権威と憧れ

先日、或る「講演会中止」の新聞記事に、目線が留まった。
山梨市が社会学者・上野千鶴子さんに「介護」をテーマとする講演を頼んでいたが、新しい市長が難色を示し中止となったという。
市長は、上野さんが過去に行った発言や著書である「セクシィー・ギャルの大研究」のタイトルなどを問題視したようだ。
市民の一部より、上野さんは「公費を使って催す講演会に相応しくない人」としてクレームが寄せられたタメである。
しかし、市民の多くは上野さんの歯に衣を着せぬ「講演会」を期待しており、講演を求める意見が殺到した。
そして市長は「長講演中止を撤回して、テーマを介護にかぎるとした上で、「講演会」は予定どうりに行われた。
振り返れば、市長サイドの過剰な「自己規制」だったのだが、面白かったのは上野さんが「中止を撤回すれば講演する用意はある」と宣言したことである。
ある新聞では上野さんの「寛容さ」を評価していたが、上野さんは市長の「講演中止」がもたらす「反響」をヨンダだうえで、ボールをなげ返した感じさえする。
その余裕は、そうした「ヨミ」に支えられたもので、「論争」とか「ケンカ」に馴れた人かと推測した。
実は、上野千鶴子さんは京都の短大の助教授だった頃から、数々の著作で気鋭の社会学者としられた。

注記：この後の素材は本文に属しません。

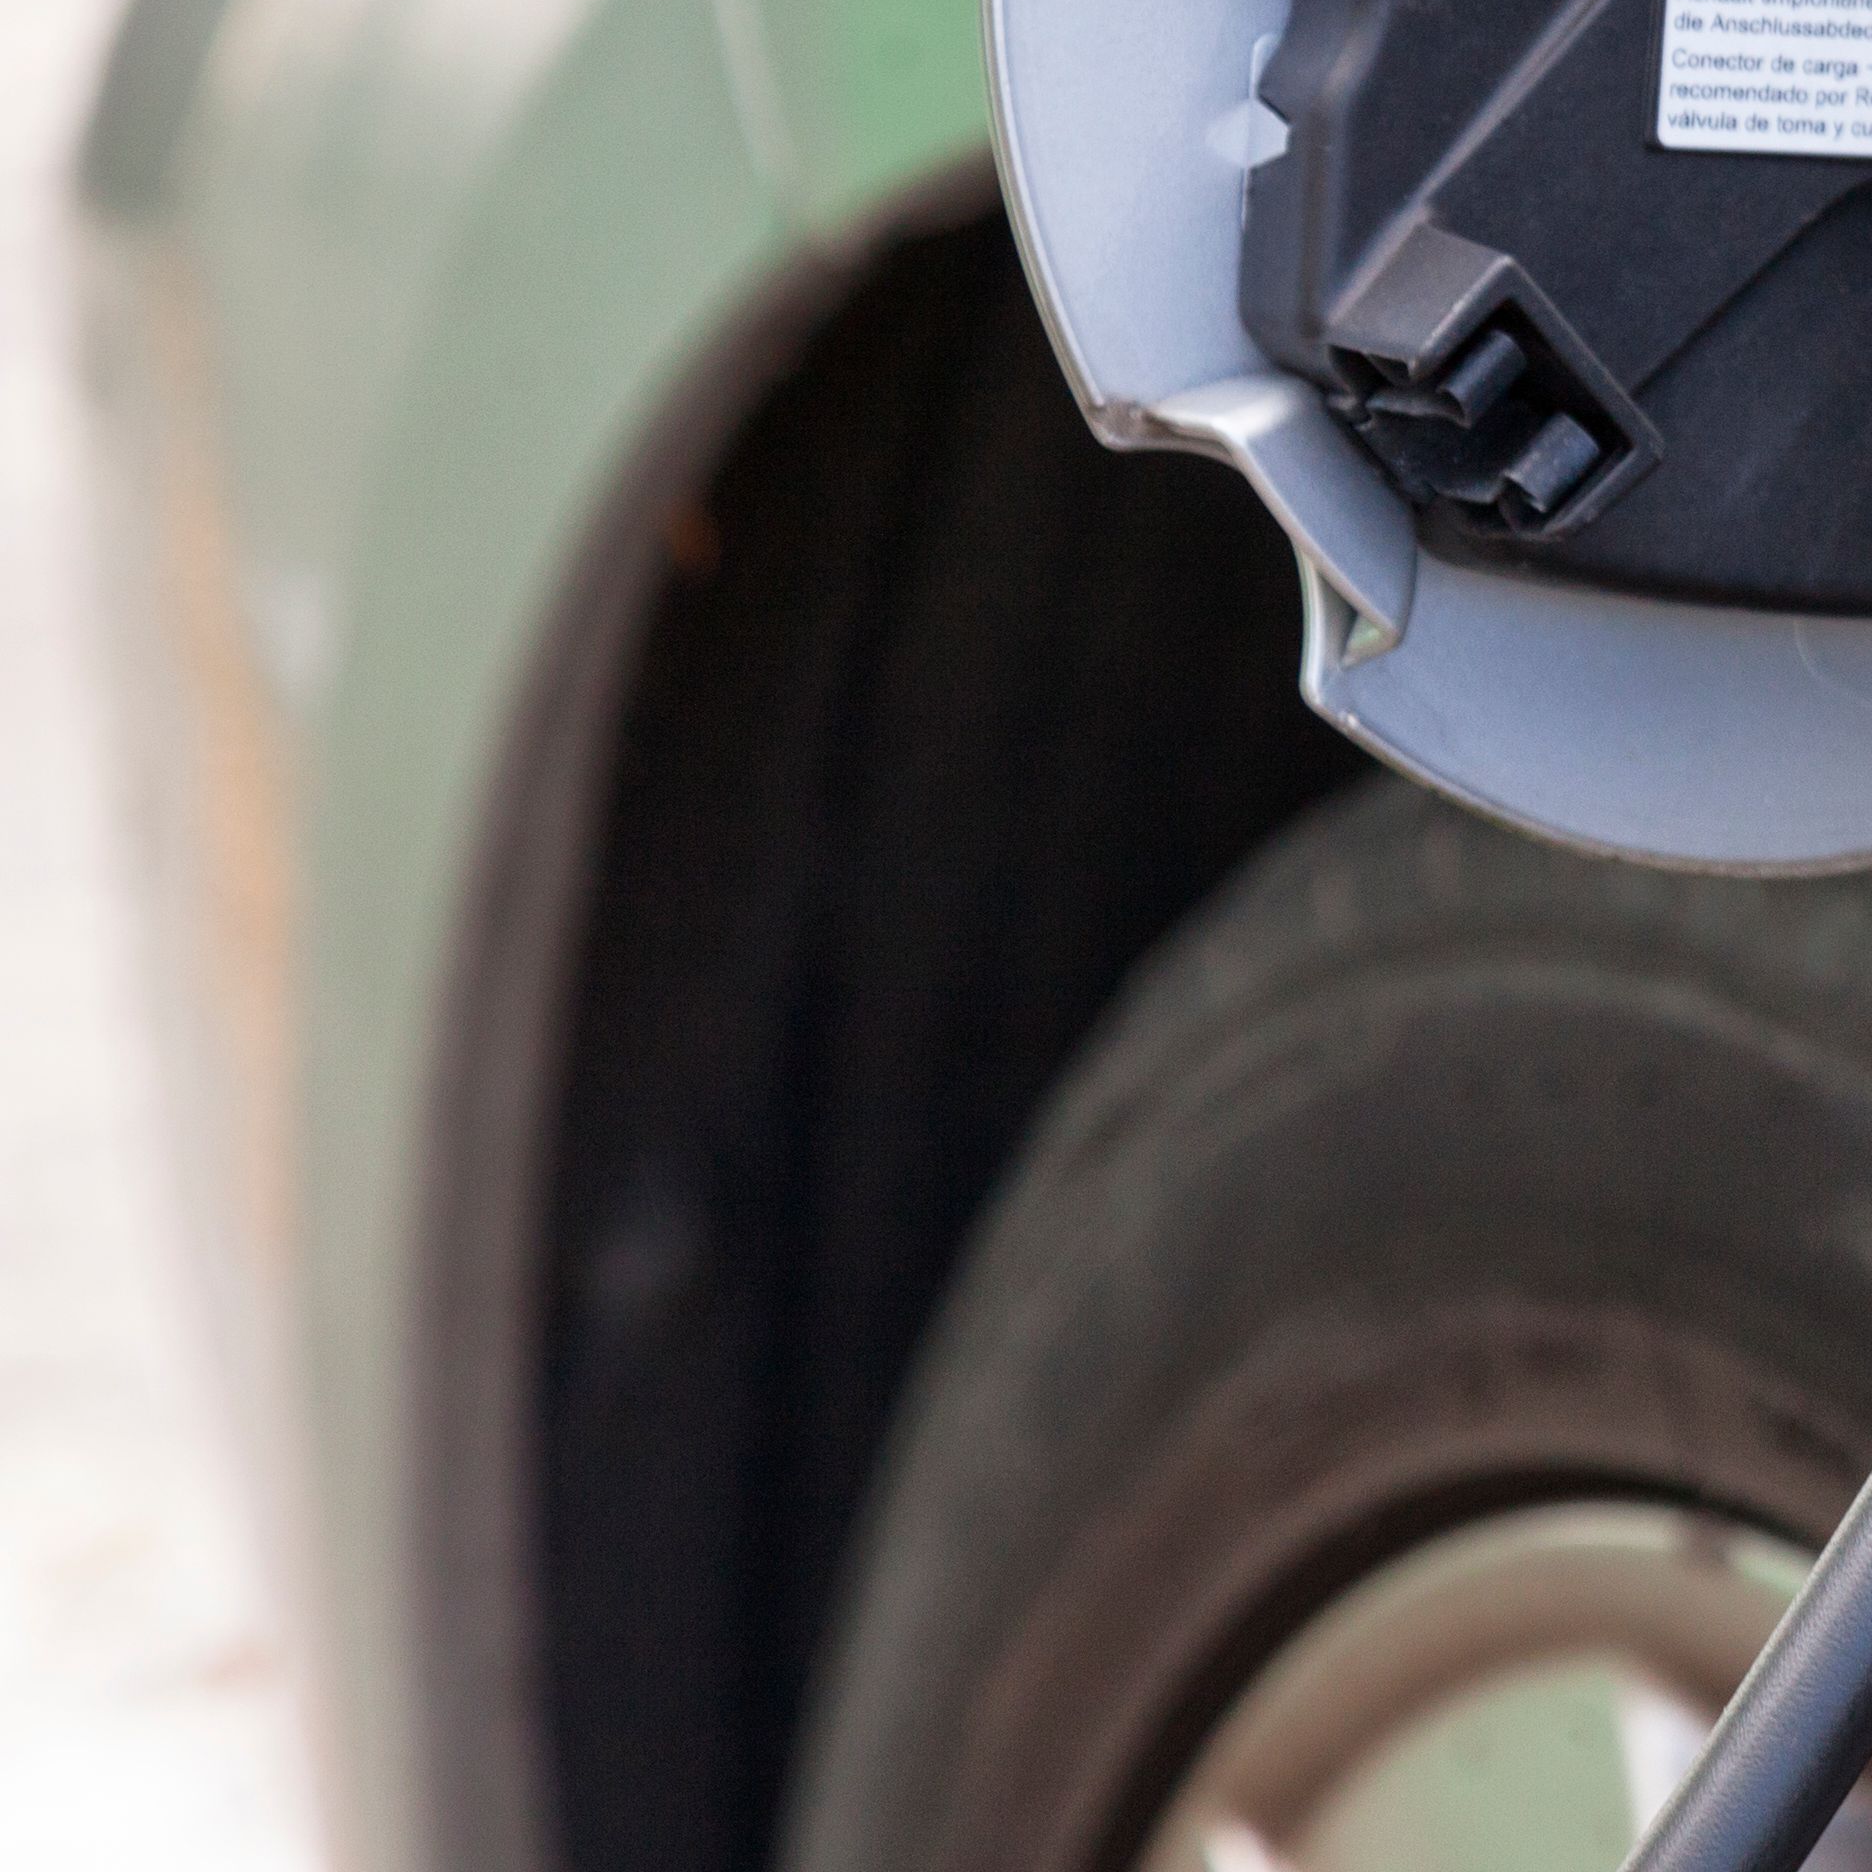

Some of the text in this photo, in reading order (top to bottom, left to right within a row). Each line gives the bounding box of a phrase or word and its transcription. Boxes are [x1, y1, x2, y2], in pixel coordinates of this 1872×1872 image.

[1673, 11, 1704, 31] die
[1671, 47, 1763, 71] Conector
[1770, 54, 1796, 73] de
[1802, 58, 1859, 80] carga
[1669, 83, 1808, 104] recomendado
[1815, 89, 1847, 107] por
[1667, 109, 1738, 131] válvula
[1744, 113, 1769, 132] de
[1776, 115, 1827, 135] toma
[1833, 122, 1843, 138] y

その彼女が、1993年には東大助教授となった時には、正直驚いた。
東大の教授会で「公費で採用するにふさわしくない人物」という意見がでてもおかしくはないと思ったからだ。
ソノ分、東大も「一皮」むけたのかとも思った。
思い起こせば1987年、東京大学ではたった「一人」の若い研究者を「助教授」として採用スル/シナイで「ひと騒動」があった。
東大教養学部に「ポスト・モダン系統」の人材採用の打診が同教養学部の西部邁教授にあり、社会科学科内に「選考委員会」が組織された。

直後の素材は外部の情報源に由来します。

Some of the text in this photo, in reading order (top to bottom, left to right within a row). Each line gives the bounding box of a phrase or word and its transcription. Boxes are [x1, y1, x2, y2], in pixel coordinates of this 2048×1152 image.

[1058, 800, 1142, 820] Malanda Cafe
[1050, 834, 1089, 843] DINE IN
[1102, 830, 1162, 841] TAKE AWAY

その結果、西部教授は東京外大アジア・アフリカ言語文化研究所助手(当時)の中沢新一氏を推薦した。
この時点で、社会科学科内の24名の教員のうち、反対したのは1人だけだったという。
しかし翌年になると、そうした「選考過程」を無視した動きが起こり、学科間の「感情的対立」が表面化していった。
それが、社会科学科内の「不一致」を印象付けたカタチとなり、教授会での「中沢氏採用」の否決となってしまったのだ。
そして、西部教授らはこの「否決」に抗議して東大を辞職した。
東大では当該学部が組織した「選考委員会」の選考がマッタク無視されたというのは、「前代未聞」のことであったという。
「中沢氏不採用」は、たとえマスコミにしられた人物でも、学問的実績に乏しい人物を採用するのはフサワシクナイということだったのか、詳細はよくはわからない。
しかし、少なくとも古色蒼然たる「権威の殿堂・東京大学」というイメージを我々に印象ヅケル結果になったことだけは確かであった。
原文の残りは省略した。